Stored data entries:
__________
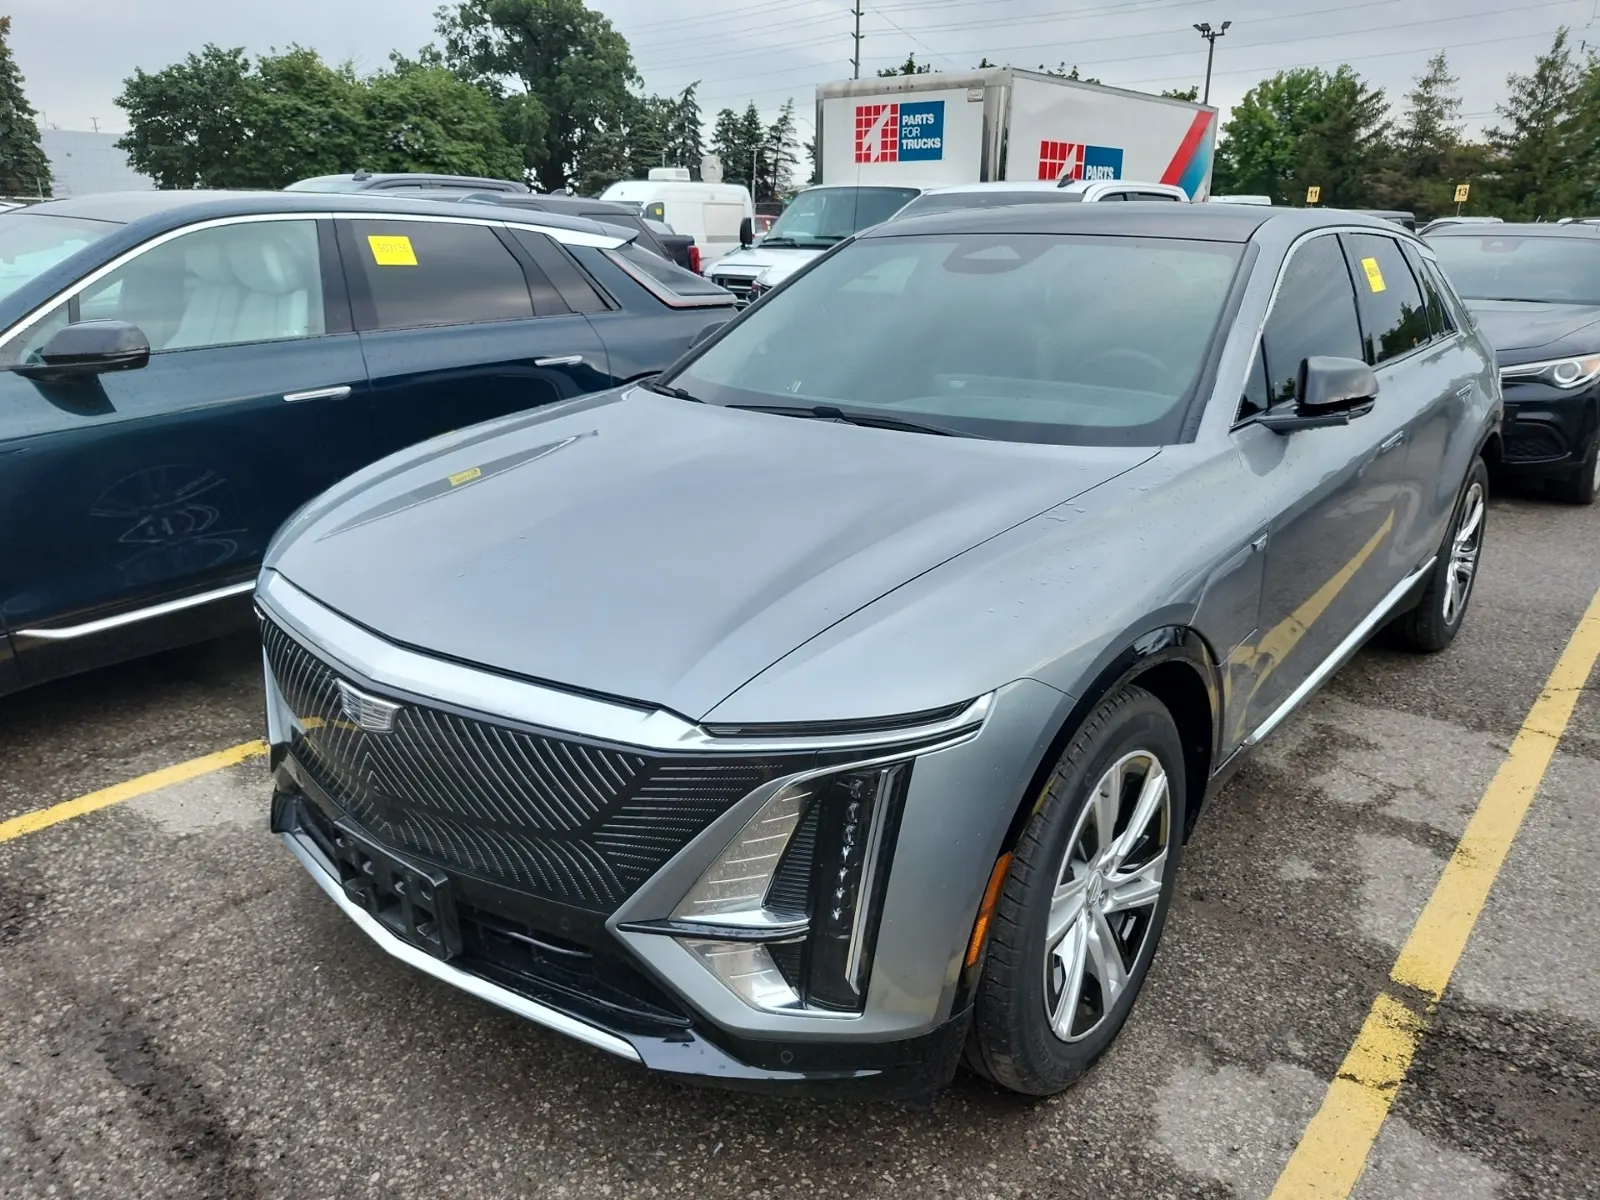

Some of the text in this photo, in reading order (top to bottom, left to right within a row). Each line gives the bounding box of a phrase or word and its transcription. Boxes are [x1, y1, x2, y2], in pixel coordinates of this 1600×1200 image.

[902, 113, 934, 125] PARTS
[902, 126, 921, 138] FOR
[901, 138, 941, 150] TRUCKS
[1085, 165, 1114, 180] PARTS
[1309, 190, 1318, 198] 11
[1457, 187, 1467, 197] 13
__________
What you will do:
The expected output is each entry given again word for word, with pictures dropped.

Exercise response:
Some of the text in this photo, in reading order (top to bottom, left to right within a row). Each line gives the bounding box of a phrase or word and its transcription. Boxes are [x1, y1, x2, y2], in pixel coordinates of this 1600×1200 image.

[902, 113, 934, 125] PARTS
[902, 126, 921, 138] FOR
[901, 138, 941, 150] TRUCKS
[1085, 165, 1114, 180] PARTS
[1309, 190, 1318, 198] 11
[1457, 187, 1467, 197] 13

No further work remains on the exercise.